Still, Saunders indicated he’s not entirely in line with all his colleagues. He said that he was “genuinely unsure” on the path ahead for policy after a no-deal Brexit in contrast to his colleague Gertjan Vlieghe, who last month indicated he thought a rate cut would be more likely in such a scenario. Saunders said he was “more agnostic” about the correct response.
Should the U.K. avoid a chaotic exit, economic growth is likely to strengthen again, meaning limited and gradual interest-rate increases will be needed to keep inflation in check, he said. A “gradual” rate of tightening doesn’t mean “fantastically slow,” he said in response to questions following the speech.
“The possibility that monetary tightening might be needed in the future does not necessarily mean we need to tighten now,” Saunders said. “Given that at present economic growth is probably not strong enough to create excess demand and inflation is reasonably well behaved, for now it makes sense to wait and to see how Brexit developments unfold.”
The U.K. is currently due to exit the European Union, with or without a deal, on March 29, but a delay to the process is looking more likely, potentially extending uncertainty. If it were to be delayed, the reaction of households and businesses would determine the BOE’s response, Saunders said. It’s possible growth may pick up during the extension period, he said.
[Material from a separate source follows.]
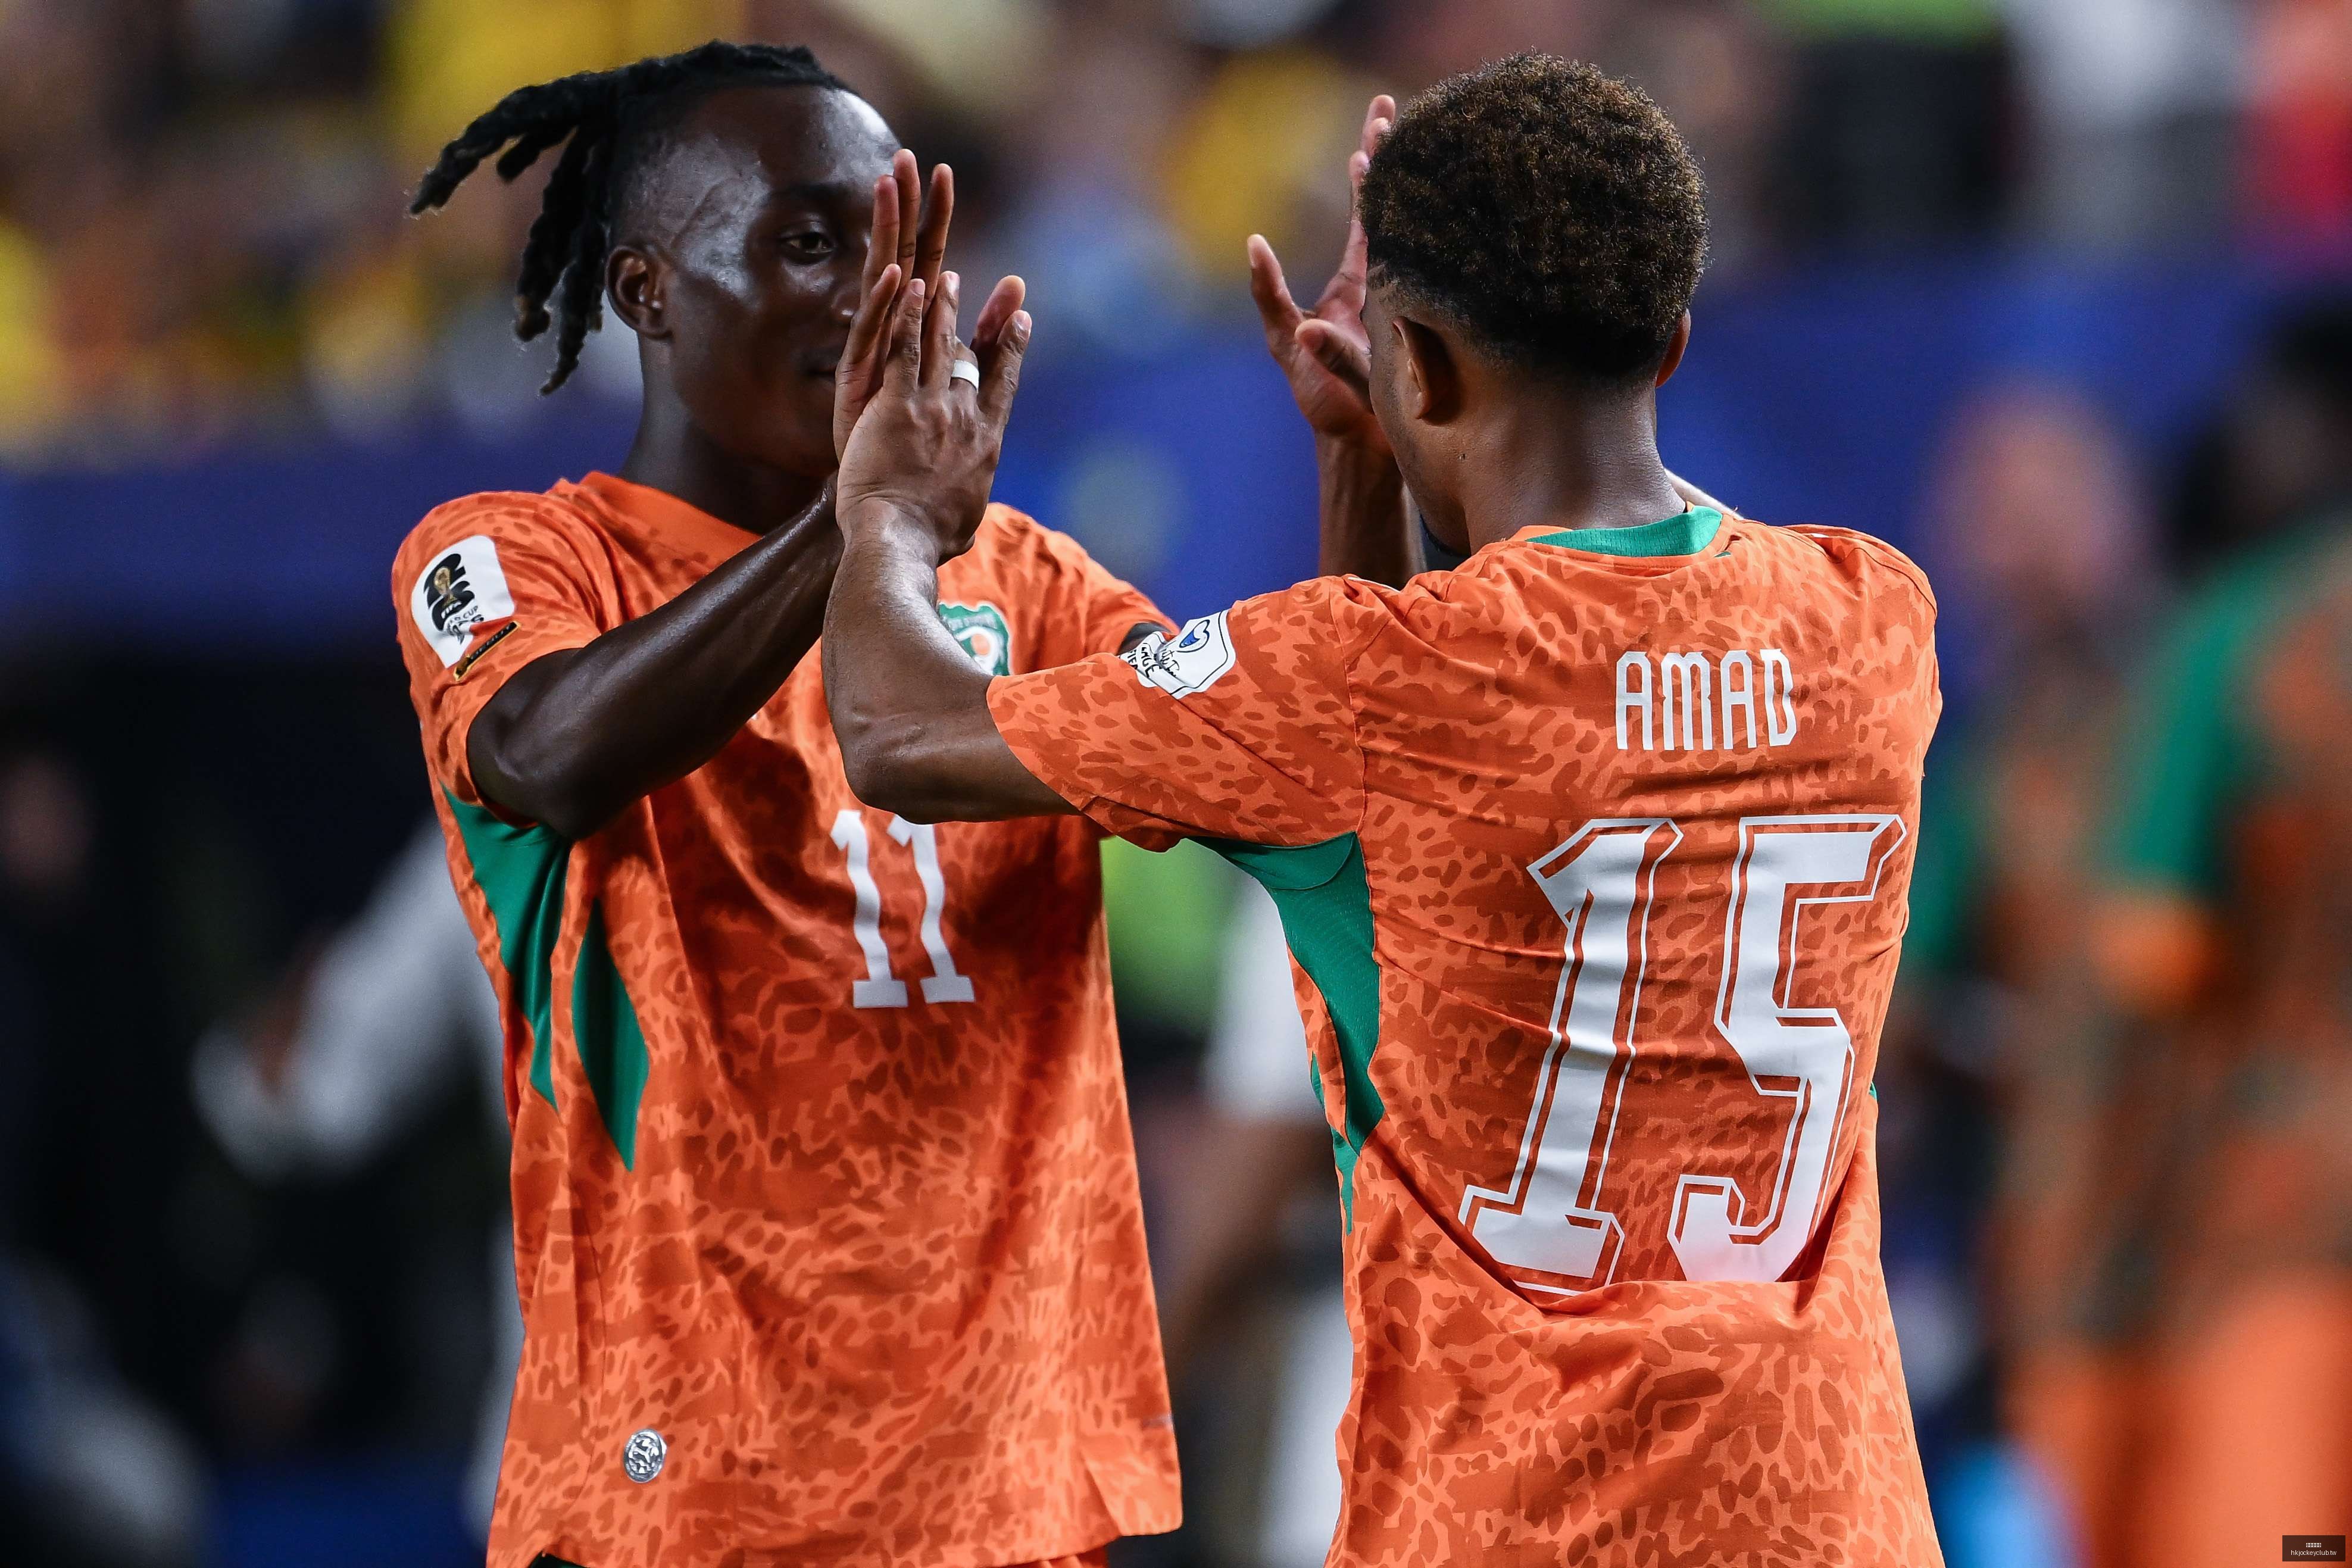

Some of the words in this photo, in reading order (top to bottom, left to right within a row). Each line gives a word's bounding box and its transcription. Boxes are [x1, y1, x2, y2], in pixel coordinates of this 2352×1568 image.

The comments on policy came in a speech that mainly focused on the pass through of the BOE’s interest rate increases to households and businesses. The link, he said, is less effective when policy rates are low, something that has been evidenced by the 50 basis point increase in the benchmark since 2017 being barely reflected in households mortgage and deposit rates.
That may mean officials need to adjust monetary policy “slightly more actively,” cutting or raising further than it would usually need to, he said.